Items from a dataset
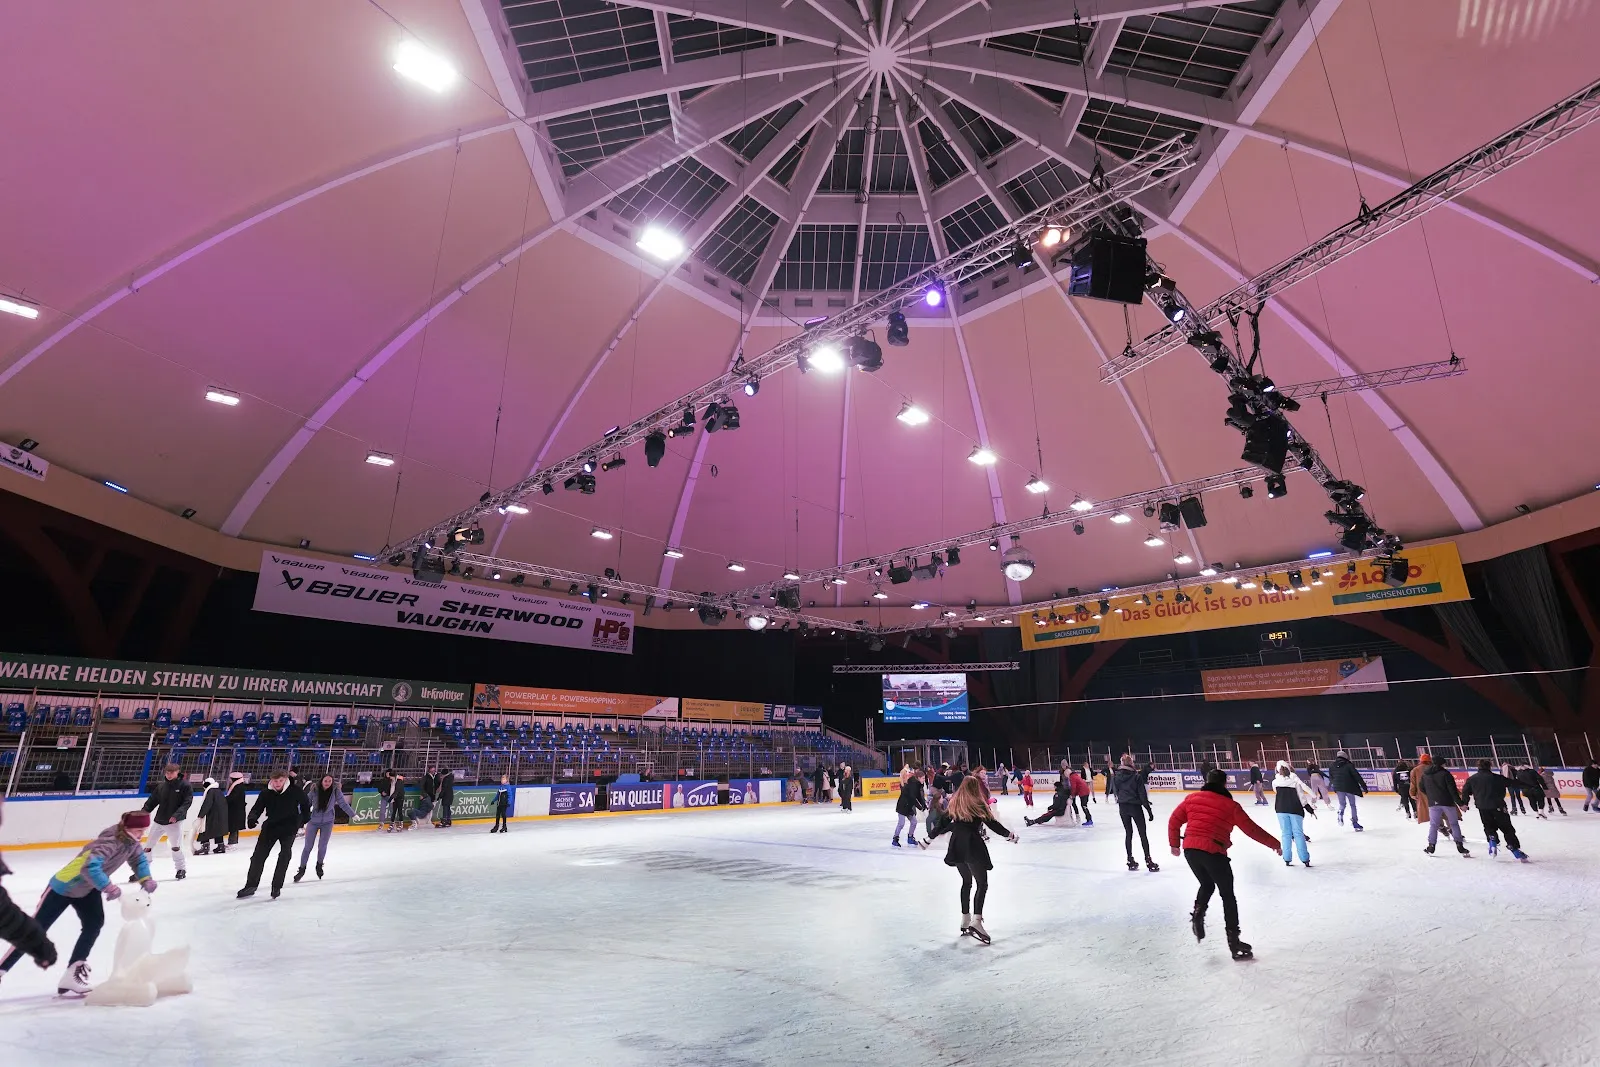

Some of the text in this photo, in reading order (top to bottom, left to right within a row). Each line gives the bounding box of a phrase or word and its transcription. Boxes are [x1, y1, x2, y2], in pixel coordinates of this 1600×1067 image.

[1362, 565, 1422, 585] LOO
[1366, 586, 1428, 600] SACHSENLOTTO
[440, 600, 584, 629] SHERWOOD
[1122, 608, 1151, 622] Das
[1154, 599, 1202, 618] Glück
[1204, 596, 1228, 612] ist
[1231, 594, 1253, 608] so
[397, 610, 495, 634] VAUGHN
[1054, 628, 1092, 638] SACHSENLOTTO
[0, 661, 384, 697] WAHRE HELDEN STEHEN ZU IHRER MANNSCHAFT
[504, 691, 550, 701] POWERPLAY
[560, 695, 617, 705] POWERSHOPPING
[1557, 779, 1584, 790] pos
[458, 796, 486, 806] SIMPLY
[556, 801, 573, 809] QUELLE
[578, 791, 596, 808] SA
[628, 789, 663, 808] QUELLE
[449, 804, 490, 816] SAXONY.

Task goal: Return every record exactly. Pictures stay out.

Answer to the problem:
Some of the text in this photo, in reading order (top to bottom, left to right within a row). Each line gives the bounding box of a phrase or word and its transcription. Boxes are [x1, y1, x2, y2], in pixel coordinates of this 1600×1067 image.

[1362, 565, 1422, 585] LOO
[1366, 586, 1428, 600] SACHSENLOTTO
[440, 600, 584, 629] SHERWOOD
[1122, 608, 1151, 622] Das
[1154, 599, 1202, 618] Glück
[1204, 596, 1228, 612] ist
[1231, 594, 1253, 608] so
[397, 610, 495, 634] VAUGHN
[1054, 628, 1092, 638] SACHSENLOTTO
[0, 661, 384, 697] WAHRE HELDEN STEHEN ZU IHRER MANNSCHAFT
[504, 691, 550, 701] POWERPLAY
[560, 695, 617, 705] POWERSHOPPING
[1557, 779, 1584, 790] pos
[458, 796, 486, 806] SIMPLY
[556, 801, 573, 809] QUELLE
[578, 791, 596, 808] SA
[628, 789, 663, 808] QUELLE
[449, 804, 490, 816] SAXONY.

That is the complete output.